How innovative. (By "innovative," I mean "that really sounds like a pain in the ass.")
3. "...honestly the old paradigm of the tool bar user interface had outgrown its utility. Things had gotten too complicated there."
*sigh* See point 1. I can't think of too many other applications that are "too complicated" for a toolbar interface.
4. "There's a wonderful reason to move to the new file formats which is that it's open and it's XML..Other software products can use the XML information in the format that it was originated in."
The jury's still very much out on that one, buddy.
5. Also, we have automated conversion tools so that people can take existing documents and have them converted to the new file format relatively painlessly.
Again, how innovative. (This time, by "innovative," I mean...wait for it, you're gonna love it...Way to catch up with OOo, suckers! Yeah, I know that was a cheap shot, but I couldn't stop myself.)
6. The company has been told users that they are comfortable with Office and they don't want to see too much change. However, in order to differentiate itself from its open source rival, Microsoft has decided to take the bold step - some might say gamble - of telling its customers what's good for them.
Indeed, very bold. We've certainly never seen this attitude from Microsoft before.
Hey, I finally got my first freak! Took you long enough!
We have a small division that does basic mail processing. We have gone from doing just small batches a day to now large batches. We process data to and from our pgsql database with Excel, I have processed some small scripts to do the transfer, as well as the formatting from various channel partners.
I then integrate with some software from Pitney Bowes to scrub the data, then re-export and process again into Excel and then into Word.
Overall the process is fairly quick and i have been able to train a very non-technical person to do the process in less than 20 minutes before it hits the printers and goes to the mail processing equipment. not to mention, no hassle dealing with things like postal bar-codes, and 4-8k pages of merged data pushed off to the printer. It chews through the merge in literally seconds and generates multiple multi-thousand page document without breaking a sweat on an older machine.
The license cost for me on that software from MS is about $250, thats a clear ROI on that software within days of use.
I have tried the process on OpenOffice, as well as Office on Mac. I found that the mac would take almost 30 minutes just to spool the document to the printer and took FOREVER to do the merge (Office Mac). OO worked ok, but it felt clumbsy and would sometimes do strange things if the documents where too big and printing wasn't as fast.
Overall, MS Office is worth buying and using. And I would laugh if one of my IT guys wanted to migrate us over to OOo or anything else when what we are using is working, and from a business standpoint the ROI is clear. Even as my business grows and I need to license more workstation, 1-2 hours a week of an employing futzing around with OO or some alternative isn't worth the savings of license fees. And people that say that Office 2003 is more difficult to use than OO have probably never used Office at more than a passing glance or as a glorified text editor.

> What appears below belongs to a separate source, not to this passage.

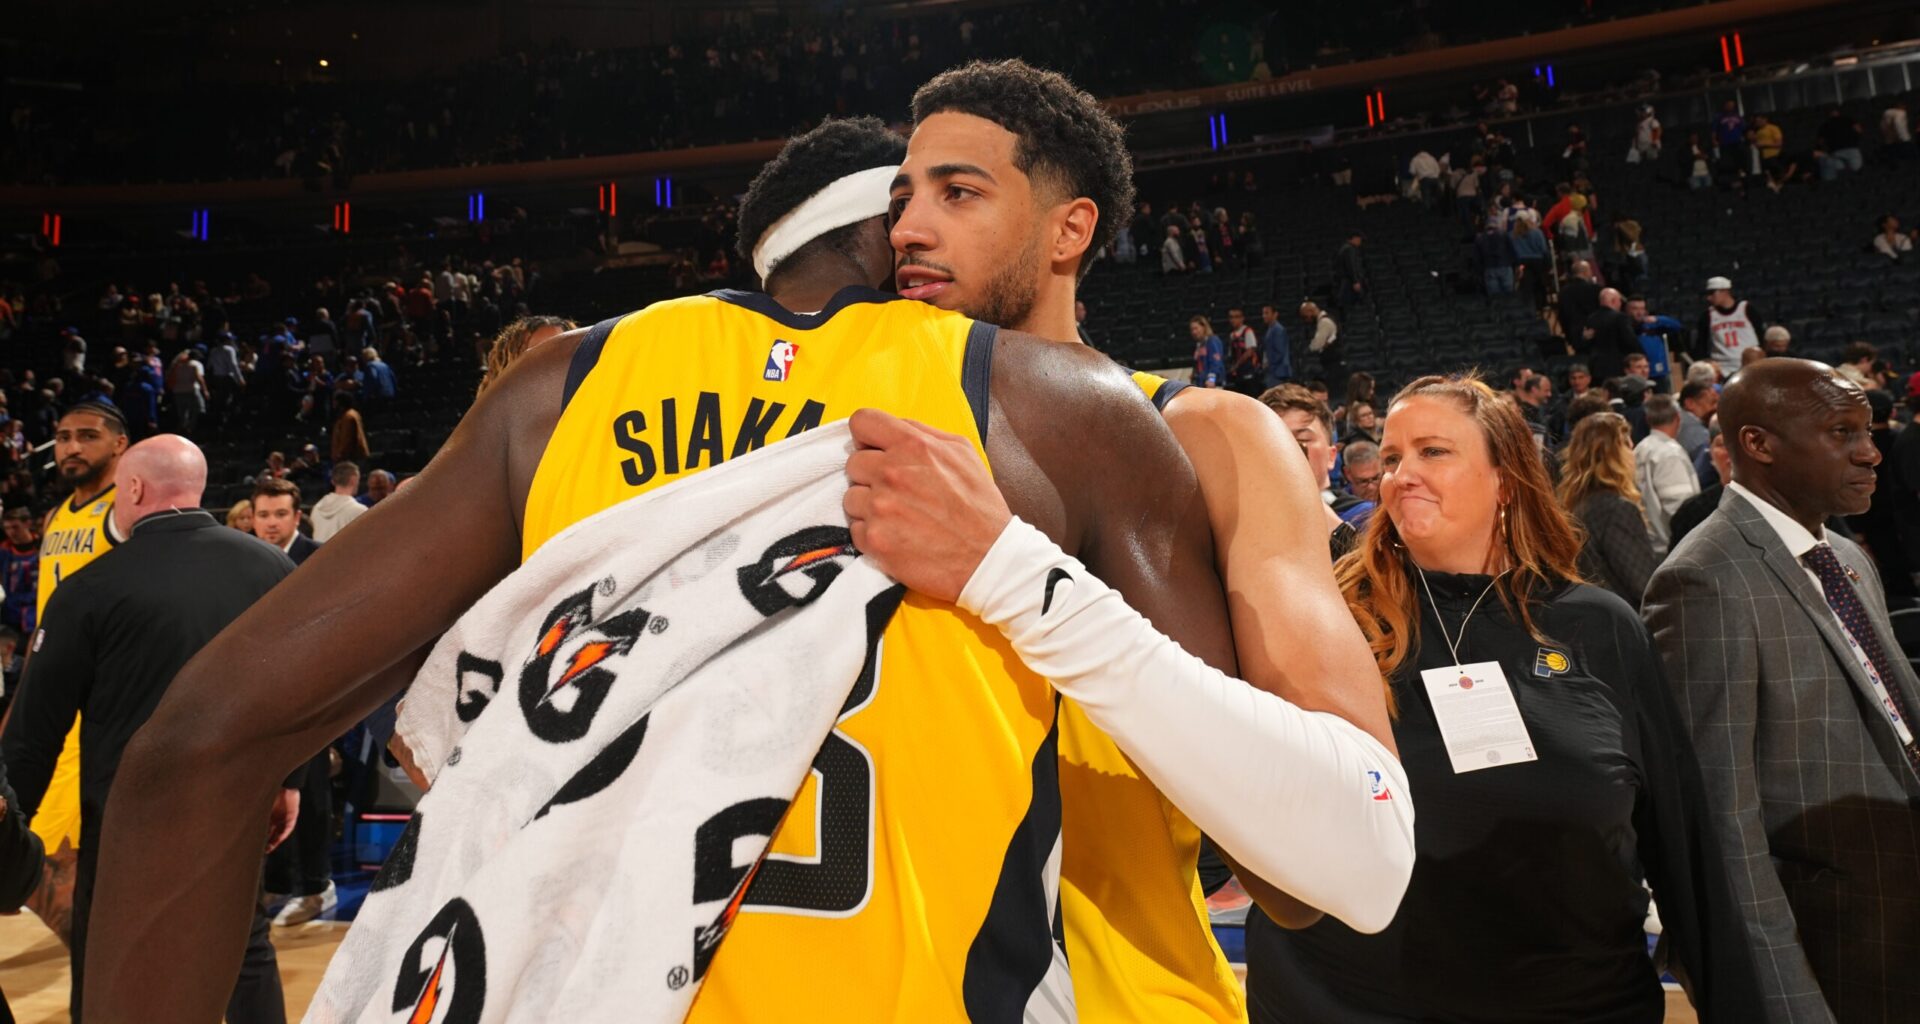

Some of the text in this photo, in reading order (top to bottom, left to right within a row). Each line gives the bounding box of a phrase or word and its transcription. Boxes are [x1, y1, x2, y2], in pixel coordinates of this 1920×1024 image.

[1225, 79, 1314, 102] SUITE LEVEL
[1724, 331, 1739, 348] 11
[765, 369, 780, 379] NBA
[40, 527, 96, 559] DIANA

Multi-lingual support is better, especially Chinese and such using Unicode fonts.
Do you know how that compares to OOo's multilingual support?
Korean user here.
Generally speaking, MS does Korean better than non-MS overall, mainly because the computer usage in Korea(not speaking for China or Japan since I don't know) exploded with the use of Win98 or WinXP. It could be said that MS almost defined what CJK handling should be like.
I could go into details, but I'll leave it at that for now.
Would you be able to be productive today with 20 year old versions of those programs? (The GUI version of PowerPoint came 1987, Word 1984 and Excel 1985.) Absolutely. The only problem would be that you would have to use a non-mainstream OS, as they all were released for Macintosh.